-- WORK INSTRUCTIONS --
Give the listing again in full, matching it character for character.

-- DATA PROVIDED --
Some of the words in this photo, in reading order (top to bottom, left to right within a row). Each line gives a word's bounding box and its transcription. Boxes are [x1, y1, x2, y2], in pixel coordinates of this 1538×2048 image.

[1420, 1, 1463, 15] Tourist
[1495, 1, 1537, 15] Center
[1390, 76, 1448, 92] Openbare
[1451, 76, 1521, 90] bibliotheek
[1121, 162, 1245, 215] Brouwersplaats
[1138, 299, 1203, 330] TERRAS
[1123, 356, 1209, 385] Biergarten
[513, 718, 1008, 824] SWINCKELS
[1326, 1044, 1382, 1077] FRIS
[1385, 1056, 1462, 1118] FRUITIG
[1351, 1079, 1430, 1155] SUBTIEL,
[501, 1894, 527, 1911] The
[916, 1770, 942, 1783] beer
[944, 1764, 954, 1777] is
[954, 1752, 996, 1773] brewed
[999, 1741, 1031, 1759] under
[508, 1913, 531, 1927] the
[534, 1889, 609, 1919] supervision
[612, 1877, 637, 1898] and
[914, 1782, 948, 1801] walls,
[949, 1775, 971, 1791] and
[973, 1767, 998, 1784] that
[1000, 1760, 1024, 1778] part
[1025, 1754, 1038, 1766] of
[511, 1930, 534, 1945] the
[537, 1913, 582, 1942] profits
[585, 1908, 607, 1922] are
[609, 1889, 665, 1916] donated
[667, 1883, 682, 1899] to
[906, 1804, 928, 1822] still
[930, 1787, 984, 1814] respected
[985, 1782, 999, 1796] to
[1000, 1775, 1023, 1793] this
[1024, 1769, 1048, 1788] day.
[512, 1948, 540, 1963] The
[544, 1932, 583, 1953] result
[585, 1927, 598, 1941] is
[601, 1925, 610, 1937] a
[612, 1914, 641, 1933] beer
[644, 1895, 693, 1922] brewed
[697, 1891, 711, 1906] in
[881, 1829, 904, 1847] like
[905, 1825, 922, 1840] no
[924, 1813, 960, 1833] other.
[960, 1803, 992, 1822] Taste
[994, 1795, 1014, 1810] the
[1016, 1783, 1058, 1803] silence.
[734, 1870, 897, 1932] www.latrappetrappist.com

-- YOUR SOLUTION --
Some of the words in this photo, in reading order (top to bottom, left to right within a row). Each line gives a word's bounding box and its transcription. Boxes are [x1, y1, x2, y2], in pixel coordinates of this 1538×2048 image.

[1420, 1, 1463, 15] Tourist
[1495, 1, 1537, 15] Center
[1390, 76, 1448, 92] Openbare
[1451, 76, 1521, 90] bibliotheek
[1121, 162, 1245, 215] Brouwersplaats
[1138, 299, 1203, 330] TERRAS
[1123, 356, 1209, 385] Biergarten
[513, 718, 1008, 824] SWINCKELS
[1326, 1044, 1382, 1077] FRIS
[1385, 1056, 1462, 1118] FRUITIG
[1351, 1079, 1430, 1155] SUBTIEL,
[501, 1894, 527, 1911] The
[916, 1770, 942, 1783] beer
[944, 1764, 954, 1777] is
[954, 1752, 996, 1773] brewed
[999, 1741, 1031, 1759] under
[508, 1913, 531, 1927] the
[534, 1889, 609, 1919] supervision
[612, 1877, 637, 1898] and
[914, 1782, 948, 1801] walls,
[949, 1775, 971, 1791] and
[973, 1767, 998, 1784] that
[1000, 1760, 1024, 1778] part
[1025, 1754, 1038, 1766] of
[511, 1930, 534, 1945] the
[537, 1913, 582, 1942] profits
[585, 1908, 607, 1922] are
[609, 1889, 665, 1916] donated
[667, 1883, 682, 1899] to
[906, 1804, 928, 1822] still
[930, 1787, 984, 1814] respected
[985, 1782, 999, 1796] to
[1000, 1775, 1023, 1793] this
[1024, 1769, 1048, 1788] day.
[512, 1948, 540, 1963] The
[544, 1932, 583, 1953] result
[585, 1927, 598, 1941] is
[601, 1925, 610, 1937] a
[612, 1914, 641, 1933] beer
[644, 1895, 693, 1922] brewed
[697, 1891, 711, 1906] in
[881, 1829, 904, 1847] like
[905, 1825, 922, 1840] no
[924, 1813, 960, 1833] other.
[960, 1803, 992, 1822] Taste
[994, 1795, 1014, 1810] the
[1016, 1783, 1058, 1803] silence.
[734, 1870, 897, 1932] www.latrappetrappist.com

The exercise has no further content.